29 Jun Sicily: Colorful Island of Italy
Venus, The Goddess of Love, was born in Sicily. And her presence is still palpable on this utterly romantic island! Sicily is a little country unto itself, as cosmopolitan and quirky, multi-cultural and multi-dimensional as its history which was peppered by the legacies of the Asians, Africans and Europeans. Here the seavents its fury against a mountainous land whose finest icon is Mt Etna, endearing and forbidding at the same time. With a vast reservoir of history, art, architecture and delectable Sicilian cuisine, this island attracts everyone from budget travelers to the rich and famous throughout the year.
Palermo, the largest city, revolves around the Quattro Canti which is crammed with artistic mar vels like the Palazzo dei Normanni or the Church of the Martorana, with its exquisite belfry. San Giorgio dei Genovesi is a rare example of Sicilian Renaissance and the Oratorio di San Lorenzo is a masterpiece of Sicilian Rococo. The exquisite Arab-Norman styled cathedral in II Capo is a must-see, while wandering aimlessly down the souk-like streets of La Kalsa is an absorbing experience. Hop over to Museo Internazionale delle Marionette that houses 3,000 puppets and shadow figures from all over the world. The bizarre Catacombe dei Cappuccini holds the mummified remains of 8,000 odd Palermitans who died between the 17th and 19th centuries.
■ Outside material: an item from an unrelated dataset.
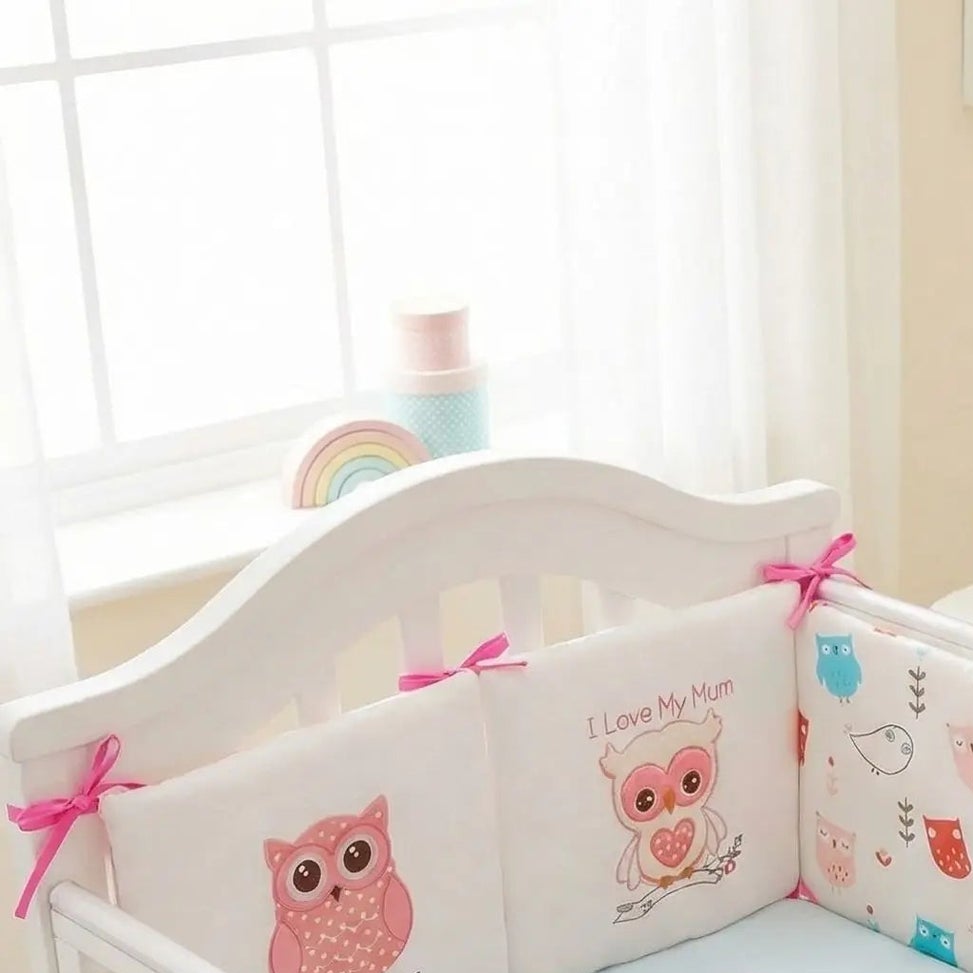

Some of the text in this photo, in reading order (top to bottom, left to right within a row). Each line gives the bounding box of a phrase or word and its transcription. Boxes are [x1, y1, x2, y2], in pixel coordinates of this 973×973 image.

Stroll down Mondello beach, northwest of the city before heading for Monreale. The cathedral with its surreal mosaics and Benedictine cloisters is the finest example of Norman architectural brilliance. Ustica, a tiny island north of Palermo, is the playground of serious divers.
On the northern coast of Sicily is the fishing village of Cefalú overlooking La Rocca, The Rock. Amble around in the Moorish streets (where Cinema Paradiso was filmed) full of medieval wonder, sandy beaches and marvellous shops. Pay homage to Arab architecture in the Norman Cathedral and settle down in one of the many pretty cafes in Piazza del Duomo for a coffee.
Named after the god of the winds Aeolus and home to the God of fire Vulcan, Aeolian Islands have attracted the jetsetters of the world. Lipari, known for its pebbled beaches, homes coloured in Mediterranean hues and magical coves and bays is a great place to start island-hopping. Whether it is snorkelling, scuba diving or tracing the volcanic history of the region in the nearby museum, you will have enough to do. For mud baths, hot springs and a holistic rejuvenation program, Vulcano Island is your best bet. Gran Cratere is a crater that spews steam endlessly. Admire the soaring cliffs of Salina Island; explore Stromboli, an island scarred by nature; follow a lava trail in Filicudi or head off with a spear gun to Rinella and hunt for your dinner!
On the eastern coast is the Greek-influenced city of Taormina synonymous with designer boutiques, antique stores and warm cafés. It is also known for its 3rd century horse-shoe theatre Teatro Greco, the dramatic venue of the international Taormina Arte festival. Catania, known as the Milan of the South, is nothing less than an outdoor gallery with all its splendid baroque styled monuments and the beautiful Piazza del Duomo (a World Heritage Site). Mt. Etna which sizzles dramatically in the background is an active volcano. Befriend a guide, hop on to a four-wheel drive vehicle and bump along a bizarre and forbidding landscape (or ‘lavascape’) right up to the Philisopher’s Tower.